The Airlock Module's manufacturer, McDonnell Douglas, even recycled the hatch design from its Gemini spacecraft and kludged what was originally designed for the conical Gemini Command Module onto the cylindrical Skylab Airlock Module. The Skylab project, managed by the National Aeronautics and Space Administration's Marshall Space Flight Center, was seen by the Manned Spacecraft Center (later Johnson Space Center) as an invasion of its historical role as the NASA center for human spaceflight. Thus, MSC personnel missed no opportunity to disparage the Skylab project, calling it "the kludge".

=== Computer science ===
In modern computing terminology, a "kludge" (or often a "hack") is a solution to a problem, the performance of a task, or a system fix which is inefficient, inelegant ("hacky"), or even incomprehensible, but which somehow works. It is similar to a workaround, but quick. To "kludge around something" is to avoid a bug or difficulty by building a kludge, perhaps exploiting properties of the bug itself. A kludge is often used to modify a working system while avoiding fundamental changes, or to ensure backwards compatibility. Hack can also be used with a positive connotation, for a quick solution to a frustrating problem.

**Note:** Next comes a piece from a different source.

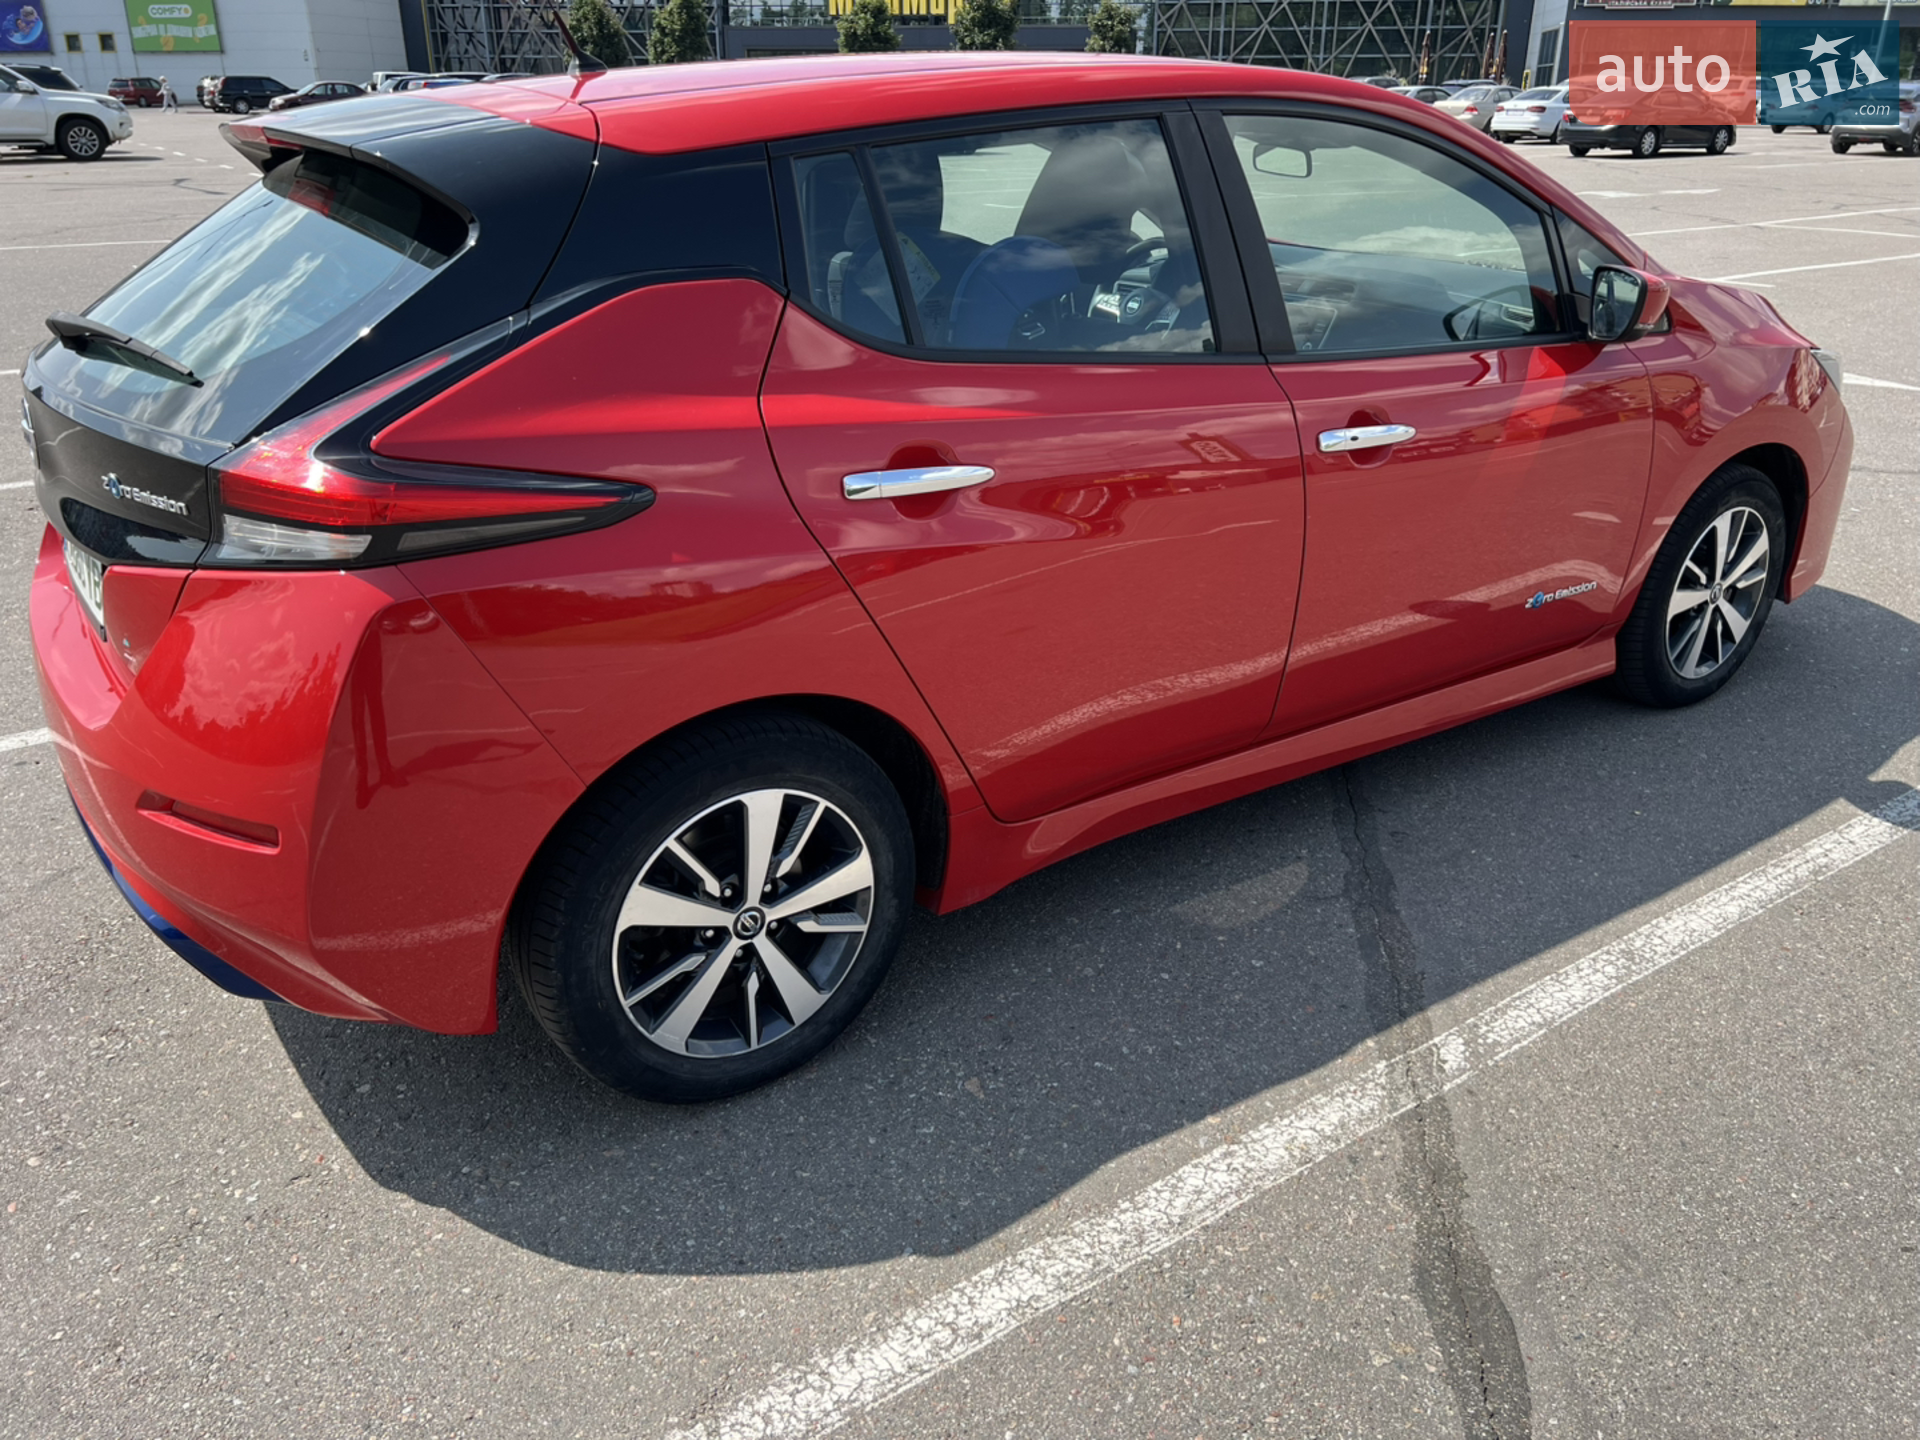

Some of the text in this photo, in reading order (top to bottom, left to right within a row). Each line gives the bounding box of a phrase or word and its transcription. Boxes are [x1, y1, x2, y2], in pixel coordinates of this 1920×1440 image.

[151, 7, 183, 15] COMFY
[131, 487, 188, 516] Emission
[1554, 580, 1597, 600] Emission

A kludge is often used to fix an unanticipated problem in an earlier kludge; this is essentially a kind of cruft.

A solution might be a kludge if it fails in corner cases. An intimate knowledge of the problem domain and execution environment is typically required to build a corner-case kludge. More commonly, a kludge is a heuristic which was expected to work almost always, but ends up failing often.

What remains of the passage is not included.